Conviene precisar que el principal problema del hidrógeno hoy en día es su altísimo costo, y que como no está presente de forma libre en la naturaleza, es necesario obtenerlo a partir de recursos naturales, tal como el agua; por eso no todos los países son proclives a producirlo, ni todas las circunstancias optimas.

 

Celebramos que las fórmulas internacionales automovilísticas apunten a carreras donde se utiliza y se proyecta utilizar a total escala el hidrógeno verde, pues solo así la invocación, la tecnología, los costos irán avanzando y transformando para que sean óptimos para todos.

 

Y les cuento una curiosidad: Arabia Saudita, uno de los países árabes con mayores reservas de petróleo del mundo, es también uno de los seis del mundo que incursiona en el mercado del hidrógeno verde, con el llamado Helios Green Fuels Project. Tiene previsto que en esa “ciudad inteligente” de NEOM, a orillas del mar Rojo, en la provincia de Tabuk, en el noroeste del país, la dependencia del petróleo sea casi nula, e invertir US$5.000 millones de dólares para instalar 4GW de electrolizadores para 2025. Dejando de lado la “loca y discutible” idea de esa futura ciudad y poniendo el foco en Arabia Saudita, su objetivo es diversificar la economía, y el hidrógeno es una parte importante de su estrategia.
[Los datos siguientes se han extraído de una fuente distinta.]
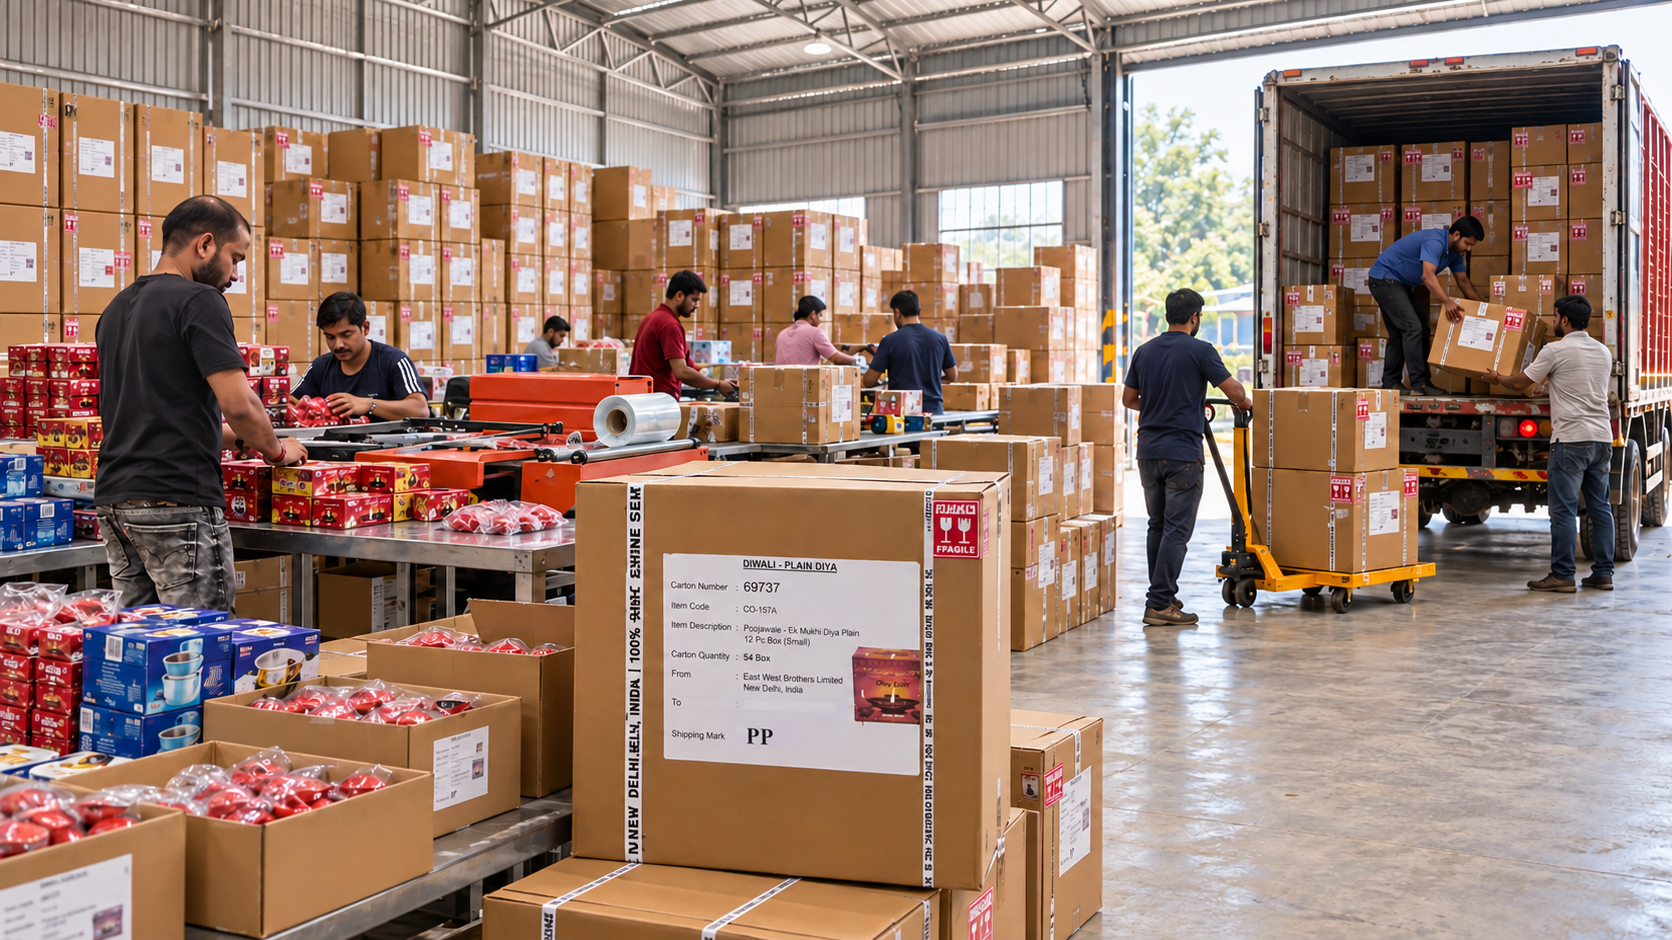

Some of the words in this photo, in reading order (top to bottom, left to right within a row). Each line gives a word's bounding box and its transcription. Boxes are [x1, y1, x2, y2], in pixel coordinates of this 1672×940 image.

[743, 560, 776, 568] DIWALI
[784, 561, 812, 570] PLAIN
[816, 562, 837, 571] DIYA
[670, 581, 696, 590] Carton
[698, 582, 728, 591] Number
[744, 582, 780, 593] 69737
[690, 602, 710, 610] Code
[743, 606, 778, 614] CO-157A
[690, 622, 732, 632] Description
[788, 626, 798, 634] Ek
[800, 628, 822, 636] Mukhi
[824, 629, 840, 637] Diya
[630, 627, 641, 663] 100%
[756, 636, 766, 644] Pc
[768, 636, 782, 644] Box
[784, 637, 810, 647] (Small)
[671, 650, 696, 658] Carton
[698, 651, 730, 662] Quantity
[756, 654, 770, 662] Box
[672, 670, 692, 678] From
[743, 672, 760, 681] East
[762, 673, 782, 682] West
[784, 674, 814, 684] Brothers
[816, 676, 843, 684] Limited
[743, 684, 760, 692] New
[762, 684, 784, 694] Delhi,
[786, 686, 804, 694] India
[672, 698, 682, 706] To
[672, 730, 704, 740] Shipping
[706, 732, 726, 740] Mark
[746, 728, 774, 745] PP
Podemos pensar que tal vez el mundo árabe y sus riquezas “de película” y extremadamente irreales pueden ser las causas o motivaciones (aunque solo sea un antojo para quien todo lo tiene) para invertir en esa altísima tecnología e innovación, que a mediano y largo plazo haga accesible el hidrógeno verde para todos, y genere un cambio estructural mundial.

 
Agradecemos a Bob Hermans de una manera especial para poder tomar conocimiento in situ de muchas de las situaciones que vimos en la Extreme E.